30-60 minutes to see productivity improvements

Installation Steps

  1. 1.Install product management skill
  2. 2.Start with user story generation for known feature
  3. 3.Progress to competitive analysis: research 2-3 competitors
  4. 4.Use for roadmap prioritization: apply RICE/ICE scoring
  5. 5.Draft stakeholder communications and refine based on feedback
  6. 6.Build template library for recurring PM tasks
  7. 7.Share effective prompts with product team

Common Pitfalls

  • Not validating competitive research—verify facts before sharing
  • Accepting user stories without involving engineering team
  • Over-relying on frameworks without qualitative judgment
  • Not customizing outputs to company culture and communication style
  • Skipping stakeholder validation of generated requirements

Best Practices

✓ Do

  • +Validate research and competitive analysis with real data
  • +Collaborate with engineering when generating technical requirements
  • +Customize frameworks and templates to your company context
  • +Use skill for first drafts, refine with stakeholder input
  • +Document successful prompt patterns for PM tasks
  • +Combine AI efficiency with human judgment and intuition

✗ Don't

  • Don't publish competitive analysis without fact-checking
  • Don't finalize user stories without engineering review
  • Don't make prioritization decisions solely on AI scoring
  • Don't skip customer validation of generated requirements
  • Don't ignore company-specific context and culture

💡 Pro Tips

  • Provide context: company goals, constraints, customer feedback
  • Ask for alternatives: 'Show 3 ways to prioritize this roadmap'
  • Request stakeholder-specific formatting: 'Executive summary vs. engineering spec'
  • Use skill for 70% generation + 30% customization to company needs

When to Use This

✓ Use When

Use for user story writing, competitive research, roadmap prioritization, stakeholder communication, and PRD drafting.

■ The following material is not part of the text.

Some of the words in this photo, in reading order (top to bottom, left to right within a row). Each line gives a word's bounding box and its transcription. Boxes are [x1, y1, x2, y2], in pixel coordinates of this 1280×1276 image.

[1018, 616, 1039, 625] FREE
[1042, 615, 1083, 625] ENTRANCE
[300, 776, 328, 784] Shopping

Best for reducing repetitive documentation and research work.

✗ Avoid When

Avoid for strategic product vision (requires deep customer empathy), pricing decisions (needs market and financial expertise), or when face-to-face customer discovery is more valuable than speed.

Learning Path

  1. 1Basic: user stories, feature specs, status updates
  2. 2Intermediate: competitive analysis, prioritization frameworks, PRDs
  3. 3Advanced: product strategy, go-to-market planning, OKR setting
  4. 4Expert: product vision, market positioning, business model innovation

Discussion

Product Hunt–style comments (not star reviews)
  • No comments yet — start the thread.
general reviews

Ratings

4.654 reviews
  • Aarav Abebe· Dec 16, 2024

    animate reduced setup friction for our internal harness; good balance of opinion and flexibility.

  • Anaya Patel· Dec 16, 2024

    Keeps context tight: animate is the kind of skill you can hand to a new teammate without a long onboarding doc.

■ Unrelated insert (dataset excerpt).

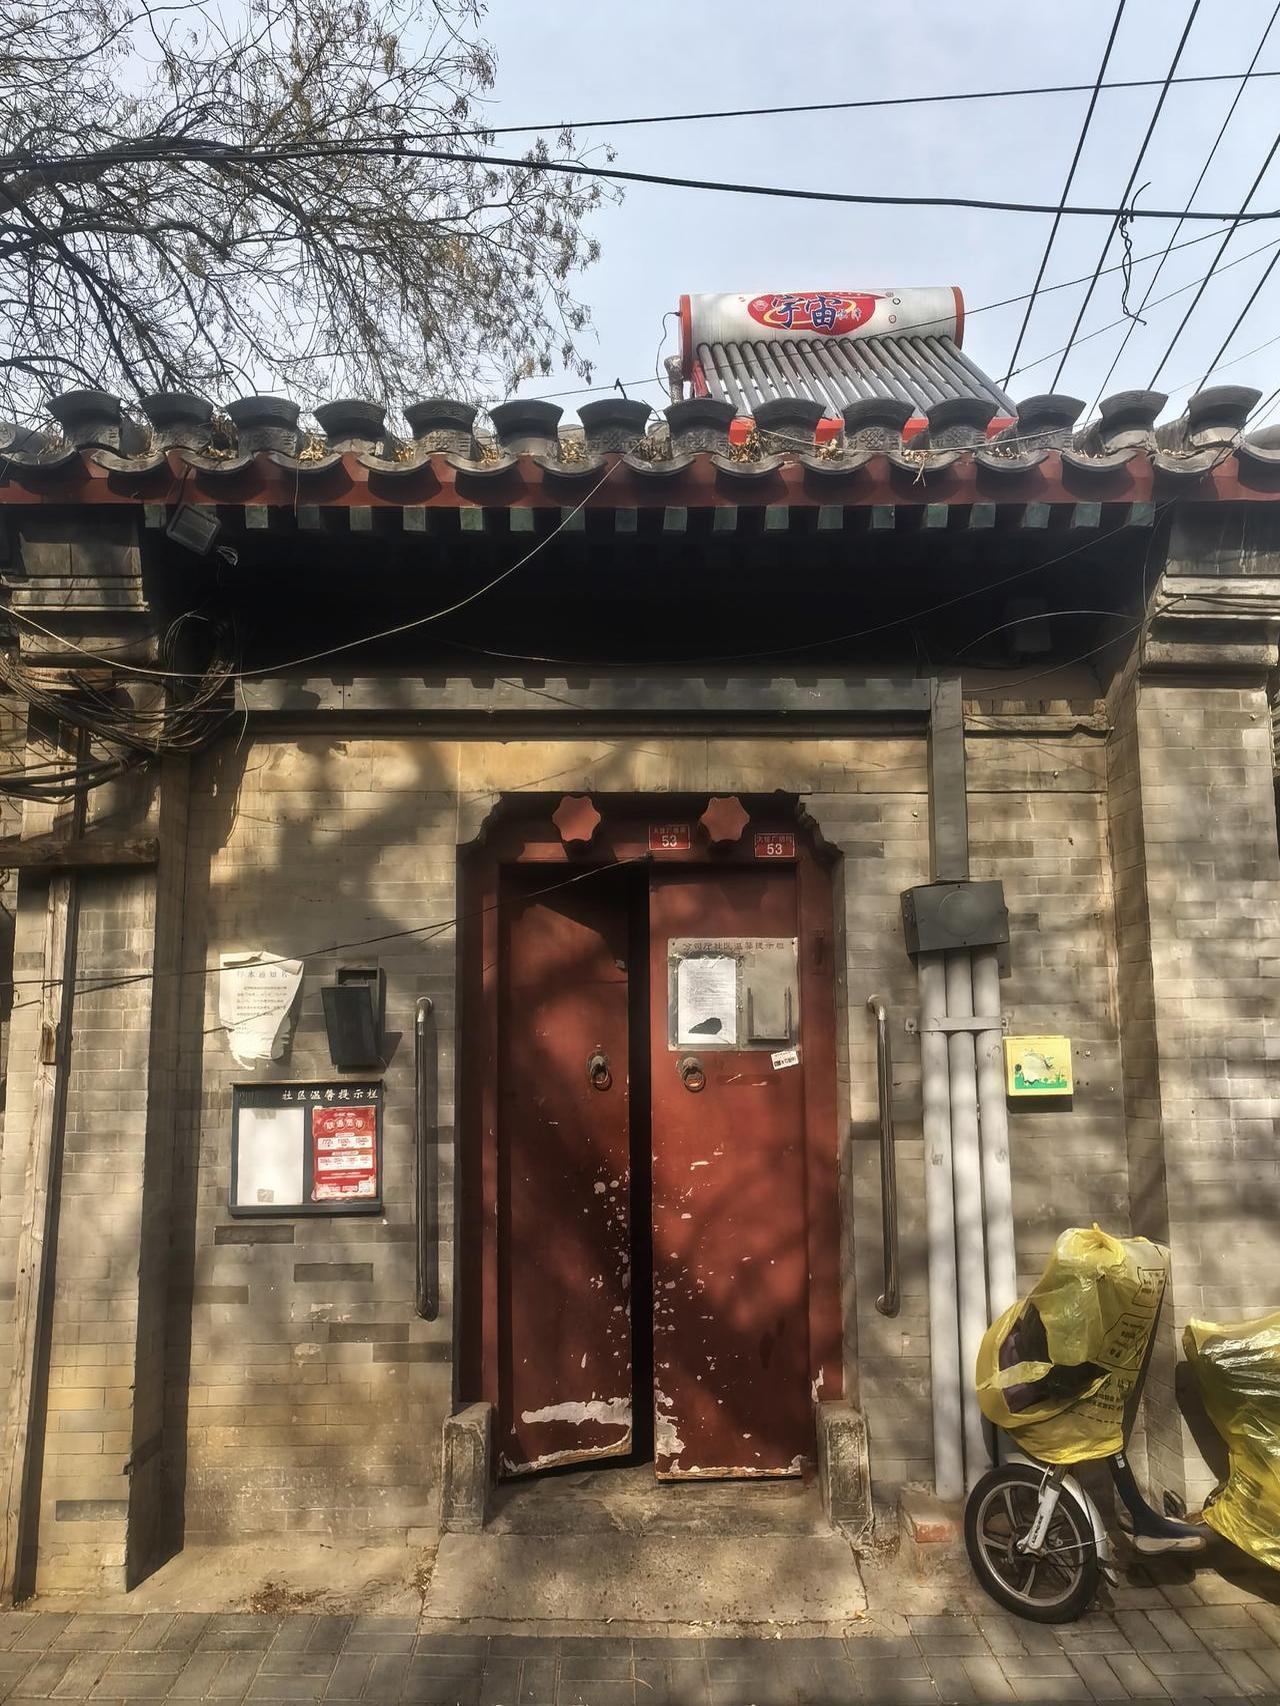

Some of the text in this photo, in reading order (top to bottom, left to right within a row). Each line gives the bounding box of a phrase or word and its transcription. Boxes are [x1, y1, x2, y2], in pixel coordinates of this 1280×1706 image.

[662, 834, 677, 847] 53
[767, 843, 782, 855] 53
[282, 1089, 379, 1101] 社区温馨提示栏

  • Aisha Martinez· Dec 4, 2024

    animate is among the better-maintained entries we tried; worth keeping pinned for repeat workflows.

  • Hassan Dixit· Nov 7, 2024

    animate has been reliable in day-to-day use. Documentation quality is above average for community skills.

  • Olivia Sethi· Nov 7, 2024

    Registry listing for animate matched our evaluation — installs cleanly and behaves as described in the markdown.

  • Tariq Choi· Oct 26, 2024

    animate fits our agent workflows well — practical, well scoped, and easy to wire into existing repos.

  • Aisha Thompson· Oct 26, 2024

    Useful defaults in animate — fewer surprises than typical one-off scripts, and it plays nicely with `npx skills` flows.

  • Piyush G· Sep 21, 2024

    Useful defaults in animate — fewer surprises than typical one-off scripts, and it plays nicely with `npx skills` flows.

  • Olivia Harris· Sep 21, 2024

    Useful defaults in animate — fewer surprises than typical one-off scripts, and it plays nicely with `npx skills` flows.

  • Yuki Choi· Sep 9, 2024

    animate reduced setup friction for our internal harness; good balance of opinion and flexibility.